The problem - Each record that follows is to be reproduced verbatim.

Excerpted records -
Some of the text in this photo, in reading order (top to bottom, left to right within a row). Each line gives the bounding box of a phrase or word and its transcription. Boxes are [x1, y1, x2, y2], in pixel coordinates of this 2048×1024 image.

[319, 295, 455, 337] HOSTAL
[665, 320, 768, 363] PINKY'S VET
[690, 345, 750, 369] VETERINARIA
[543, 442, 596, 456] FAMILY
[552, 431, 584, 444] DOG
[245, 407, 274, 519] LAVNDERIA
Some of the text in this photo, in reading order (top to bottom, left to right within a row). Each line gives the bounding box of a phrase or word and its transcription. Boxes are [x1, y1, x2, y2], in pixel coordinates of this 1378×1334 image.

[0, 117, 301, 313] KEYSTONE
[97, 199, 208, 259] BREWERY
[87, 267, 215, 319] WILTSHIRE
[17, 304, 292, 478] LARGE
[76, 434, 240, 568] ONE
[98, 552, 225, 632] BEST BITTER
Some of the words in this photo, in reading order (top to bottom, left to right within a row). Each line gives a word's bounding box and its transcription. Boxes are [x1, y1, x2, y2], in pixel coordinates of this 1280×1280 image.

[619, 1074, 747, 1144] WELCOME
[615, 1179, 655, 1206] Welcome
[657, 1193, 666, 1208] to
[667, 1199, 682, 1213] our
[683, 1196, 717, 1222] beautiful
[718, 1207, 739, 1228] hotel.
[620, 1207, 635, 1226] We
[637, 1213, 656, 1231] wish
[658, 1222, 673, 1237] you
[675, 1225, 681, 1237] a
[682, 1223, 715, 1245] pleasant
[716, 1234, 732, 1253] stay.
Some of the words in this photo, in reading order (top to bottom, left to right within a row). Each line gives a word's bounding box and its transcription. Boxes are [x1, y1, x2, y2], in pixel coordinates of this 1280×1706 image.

Finished task -
Some of the text in this photo, in reading order (top to bottom, left to right within a row). Each line gives the bounding box of a phrase or word and its transcription. Boxes are [x1, y1, x2, y2], in pixel coordinates of this 2048×1024 image.

[319, 295, 455, 337] HOSTAL
[665, 320, 768, 363] PINKY'S VET
[690, 345, 750, 369] VETERINARIA
[543, 442, 596, 456] FAMILY
[552, 431, 584, 444] DOG
[245, 407, 274, 519] LAVNDERIA
Some of the text in this photo, in reading order (top to bottom, left to right within a row). Each line gives the bounding box of a phrase or word and its transcription. Boxes are [x1, y1, x2, y2], in pixel coordinates of this 1378×1334 image.

[0, 117, 301, 313] KEYSTONE
[97, 199, 208, 259] BREWERY
[87, 267, 215, 319] WILTSHIRE
[17, 304, 292, 478] LARGE
[76, 434, 240, 568] ONE
[98, 552, 225, 632] BEST BITTER
Some of the words in this photo, in reading order (top to bottom, left to right within a row). Each line gives a word's bounding box and its transcription. Boxes are [x1, y1, x2, y2], in pixel coordinates of this 1280×1280 image.

[619, 1074, 747, 1144] WELCOME
[615, 1179, 655, 1206] Welcome
[657, 1193, 666, 1208] to
[667, 1199, 682, 1213] our
[683, 1196, 717, 1222] beautiful
[718, 1207, 739, 1228] hotel.
[620, 1207, 635, 1226] We
[637, 1213, 656, 1231] wish
[658, 1222, 673, 1237] you
[675, 1225, 681, 1237] a
[682, 1223, 715, 1245] pleasant
[716, 1234, 732, 1253] stay.
Some of the words in this photo, in reading order (top to bottom, left to right within a row). Each line gives a word's bounding box and its transcription. Boxes are [x1, y1, x2, y2], in pixel coordinates of this 1280×1706 image.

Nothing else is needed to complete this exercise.